(Records supplied begins)

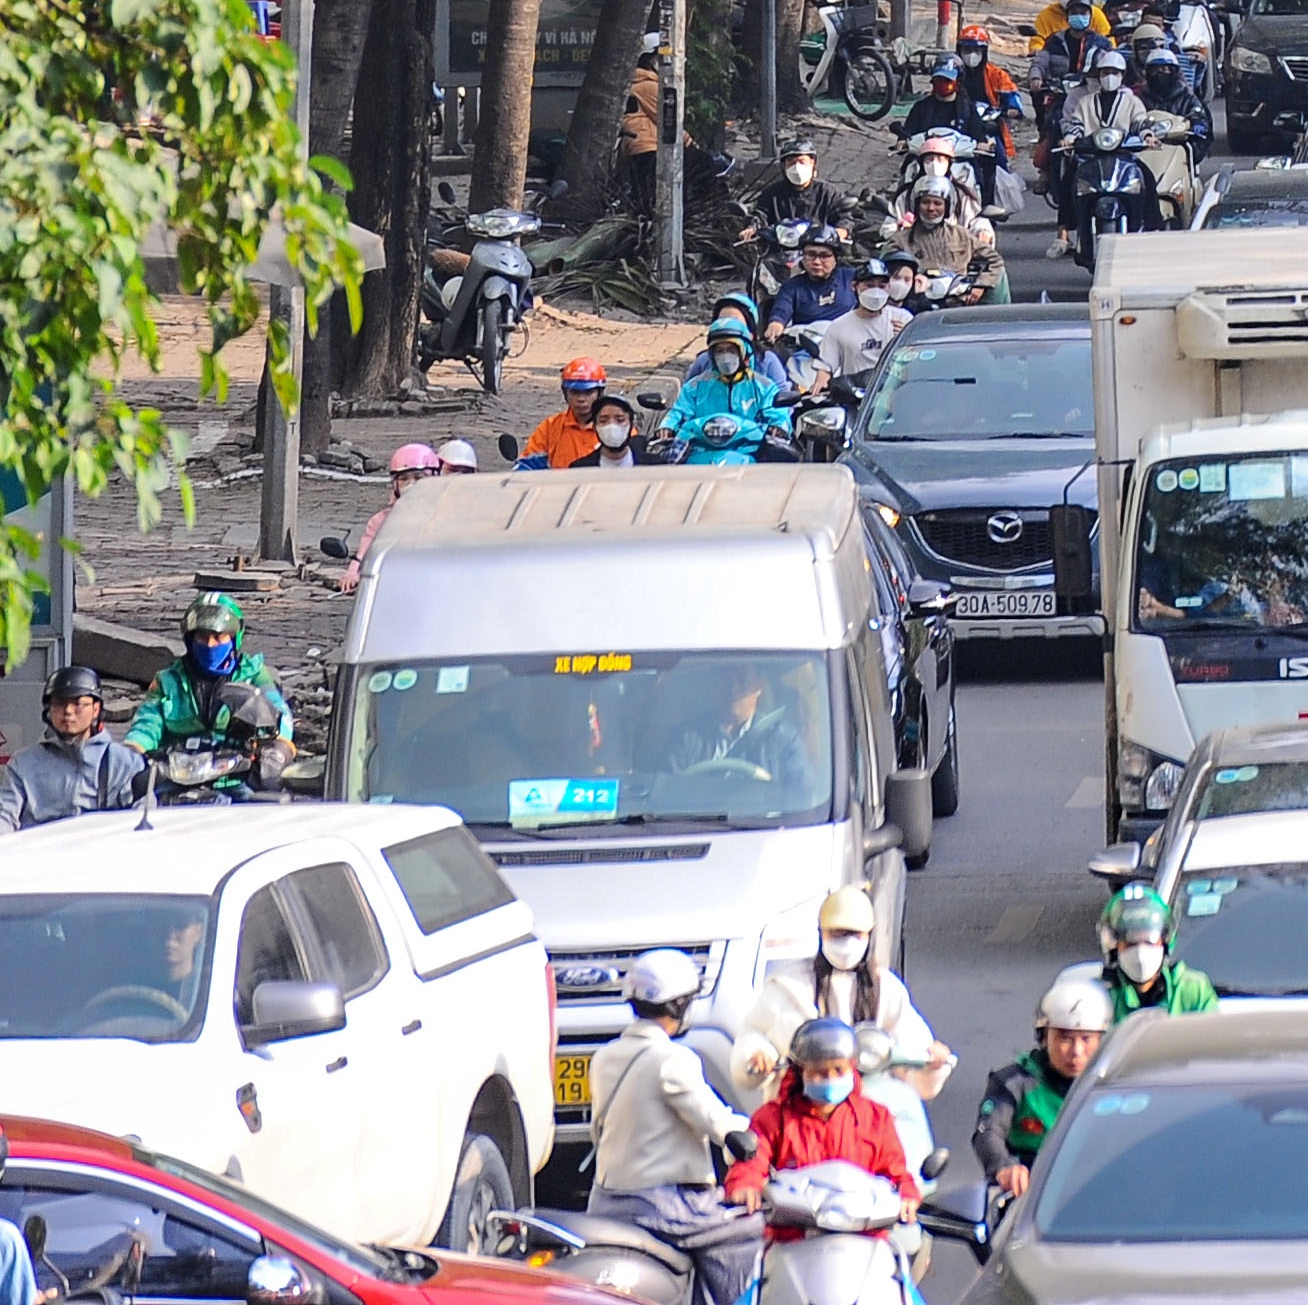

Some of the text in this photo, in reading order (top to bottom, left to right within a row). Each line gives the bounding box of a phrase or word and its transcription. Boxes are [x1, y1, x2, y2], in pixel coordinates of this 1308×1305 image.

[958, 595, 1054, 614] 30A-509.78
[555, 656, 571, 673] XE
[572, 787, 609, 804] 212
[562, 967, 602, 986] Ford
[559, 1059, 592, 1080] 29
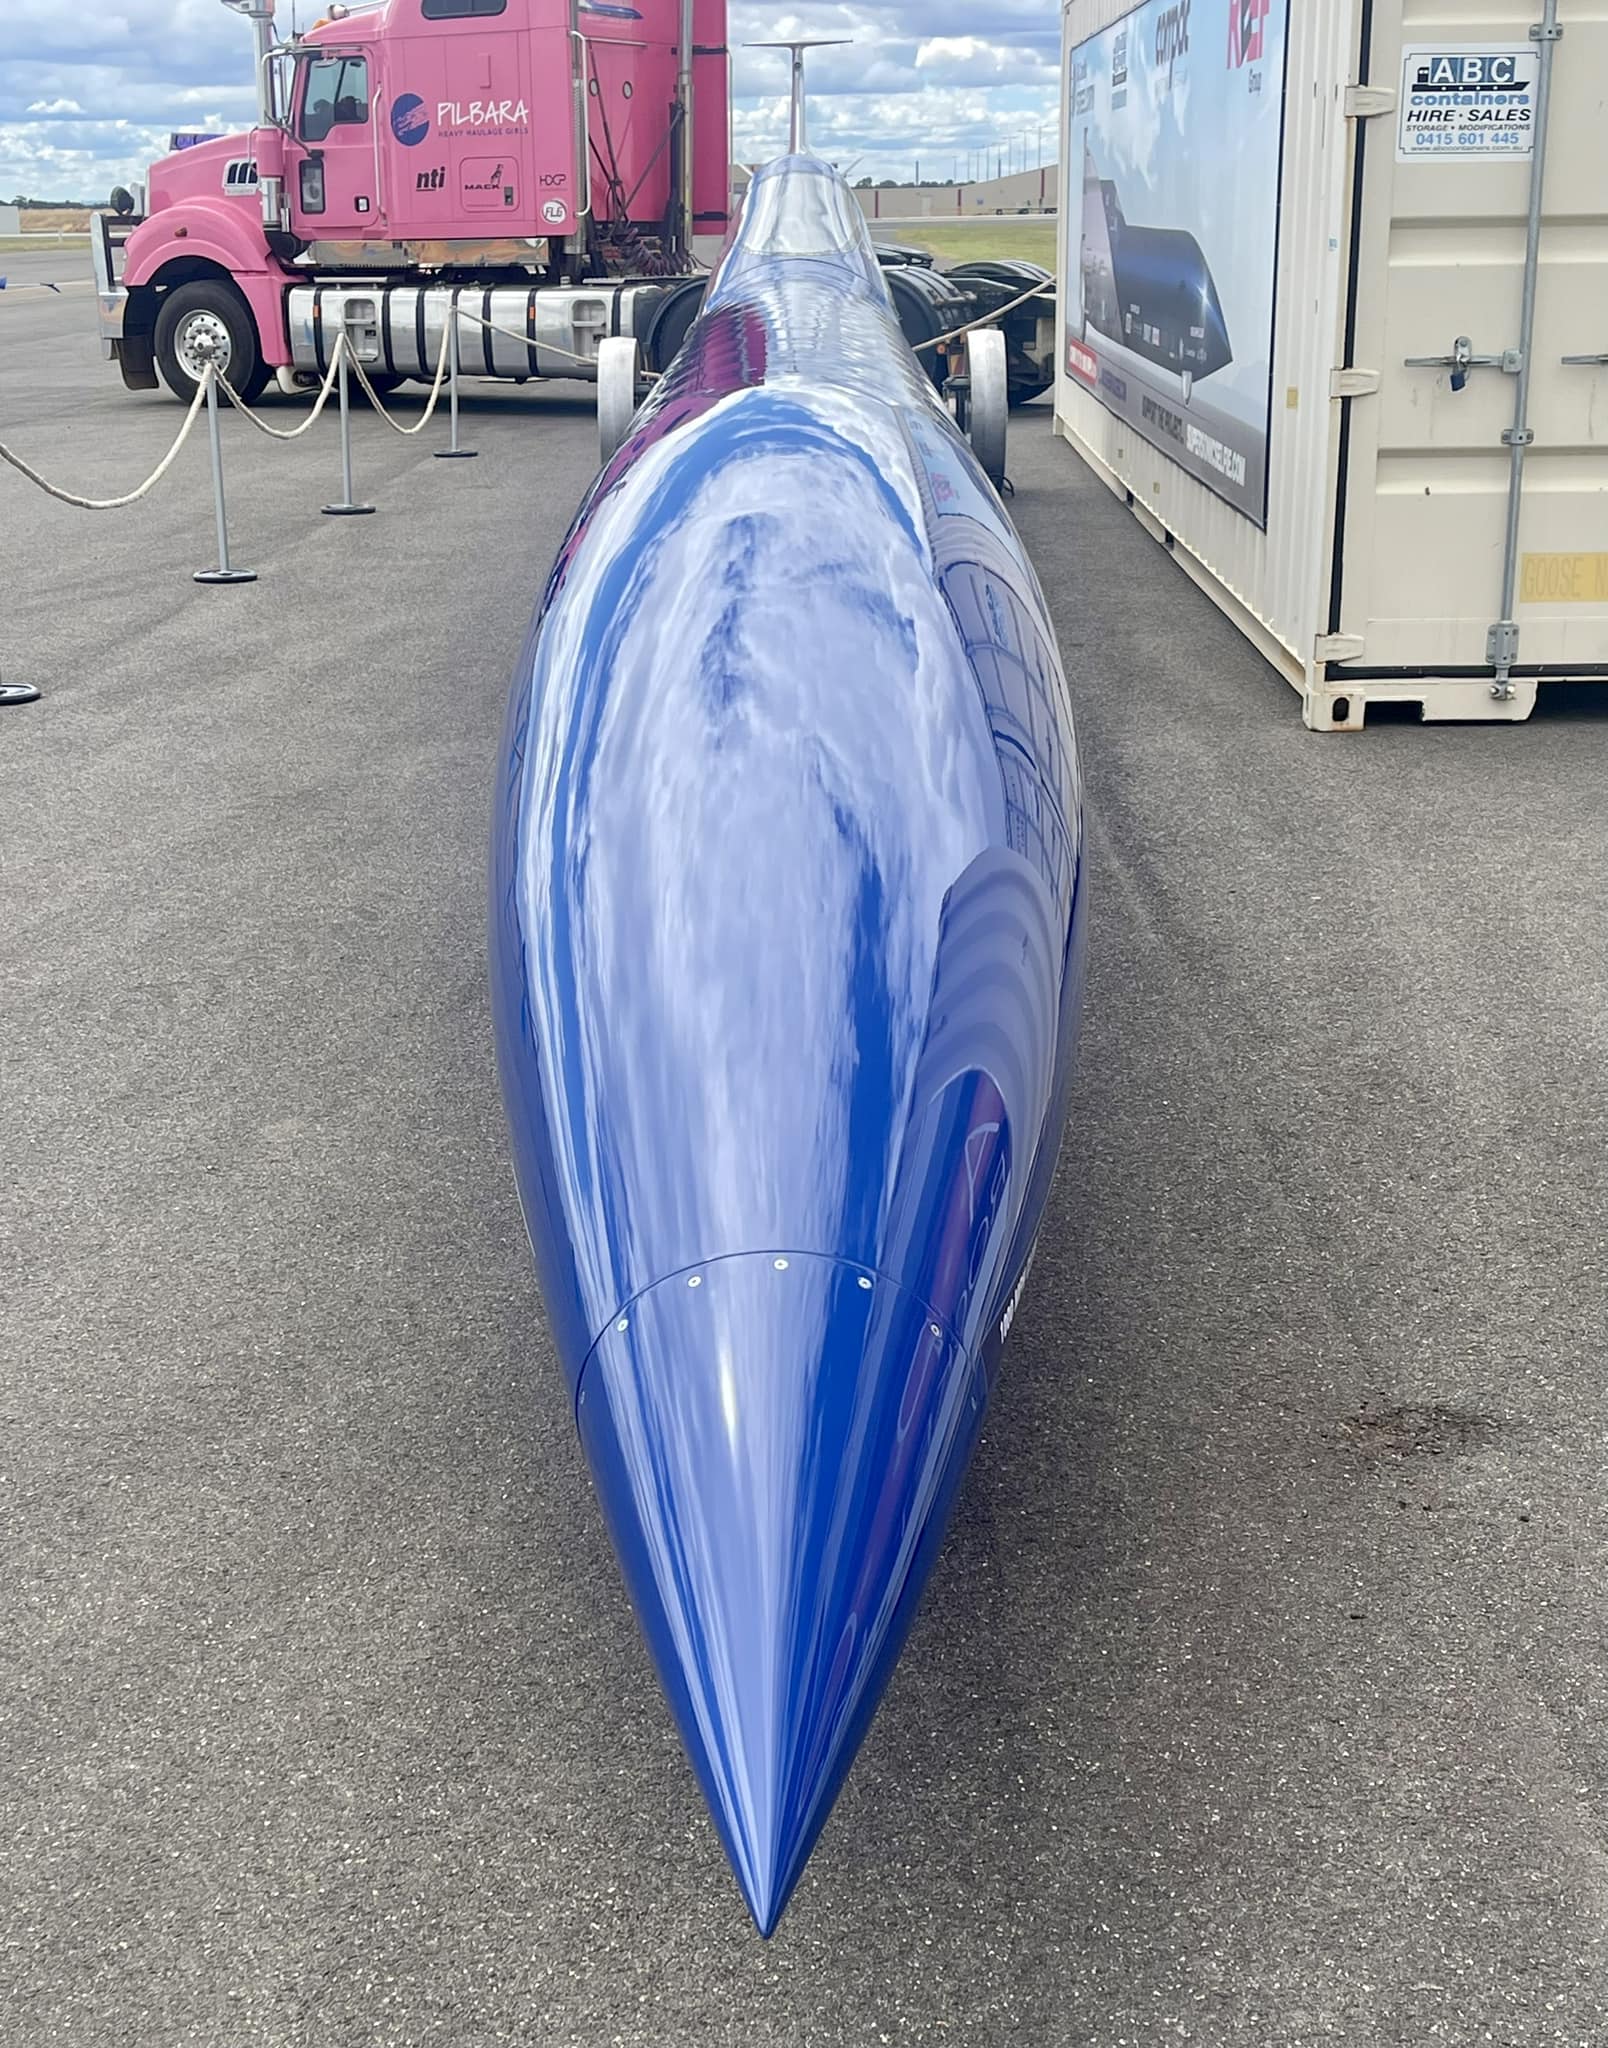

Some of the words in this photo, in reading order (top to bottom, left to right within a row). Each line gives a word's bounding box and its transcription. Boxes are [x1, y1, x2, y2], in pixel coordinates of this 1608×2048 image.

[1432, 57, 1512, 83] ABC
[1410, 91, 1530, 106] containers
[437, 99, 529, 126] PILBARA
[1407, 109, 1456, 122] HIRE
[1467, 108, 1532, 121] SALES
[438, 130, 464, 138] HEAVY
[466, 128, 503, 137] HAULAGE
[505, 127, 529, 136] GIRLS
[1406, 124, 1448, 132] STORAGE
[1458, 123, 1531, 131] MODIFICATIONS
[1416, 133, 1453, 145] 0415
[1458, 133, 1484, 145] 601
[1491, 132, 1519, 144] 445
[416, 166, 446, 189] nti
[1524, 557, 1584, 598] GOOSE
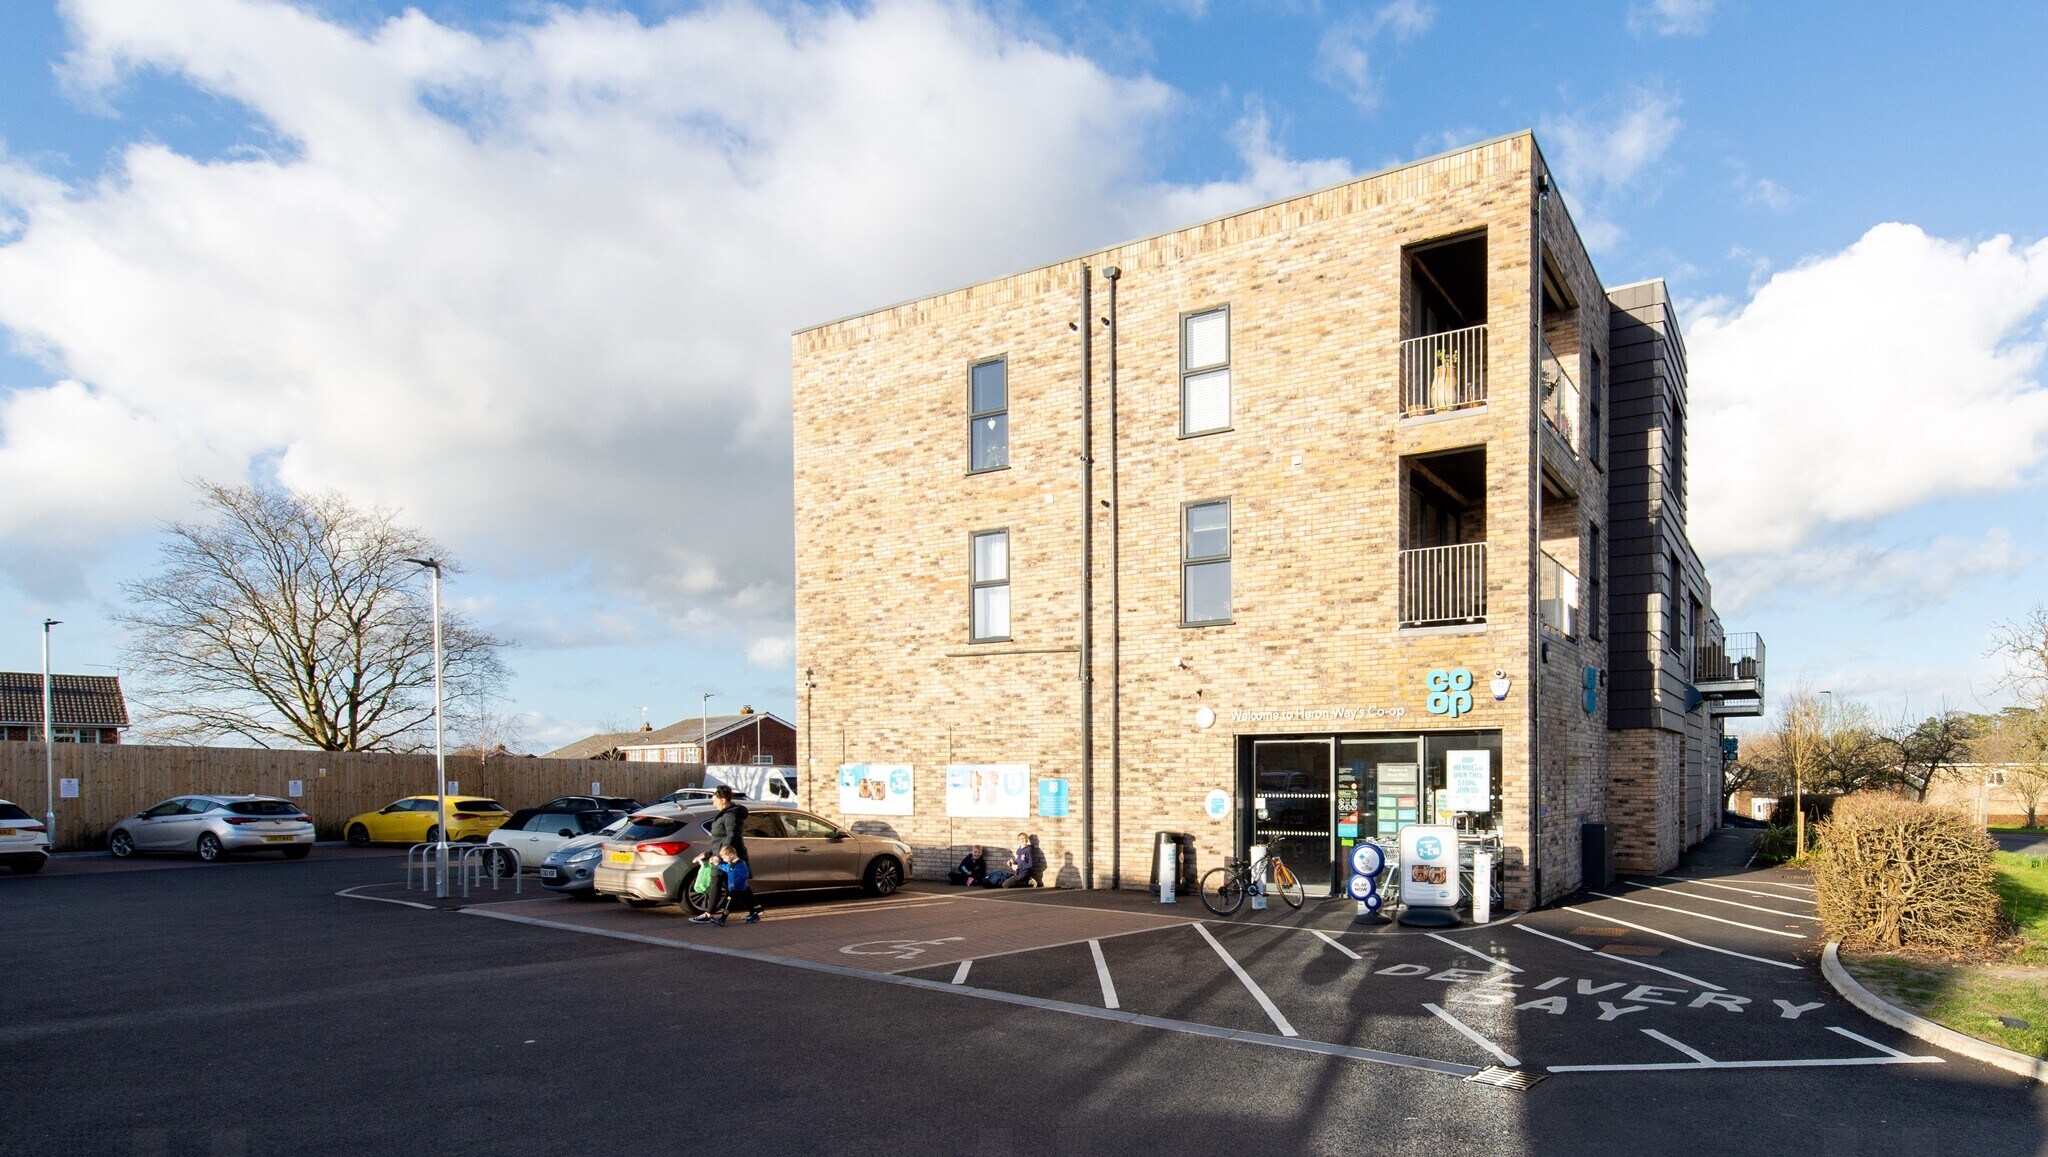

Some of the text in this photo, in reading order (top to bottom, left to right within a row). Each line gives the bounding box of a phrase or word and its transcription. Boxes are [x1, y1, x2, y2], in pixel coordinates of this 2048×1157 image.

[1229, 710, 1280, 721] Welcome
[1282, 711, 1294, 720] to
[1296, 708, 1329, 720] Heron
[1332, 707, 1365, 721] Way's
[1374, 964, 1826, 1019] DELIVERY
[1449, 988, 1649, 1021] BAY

(Records supplied ends)

**Exercise:**
The output should consist only of the lines from the one with "this 2048×1157 image." through the final line of the records above, exactly.

**Solution to the problem:**
Some of the text in this photo, in reading order (top to bottom, left to right within a row). Each line gives the bounding box of a phrase or word and its transcription. Boxes are [x1, y1, x2, y2], in pixel coordinates of this 2048×1157 image.

[1229, 710, 1280, 721] Welcome
[1282, 711, 1294, 720] to
[1296, 708, 1329, 720] Heron
[1332, 707, 1365, 721] Way's
[1374, 964, 1826, 1019] DELIVERY
[1449, 988, 1649, 1021] BAY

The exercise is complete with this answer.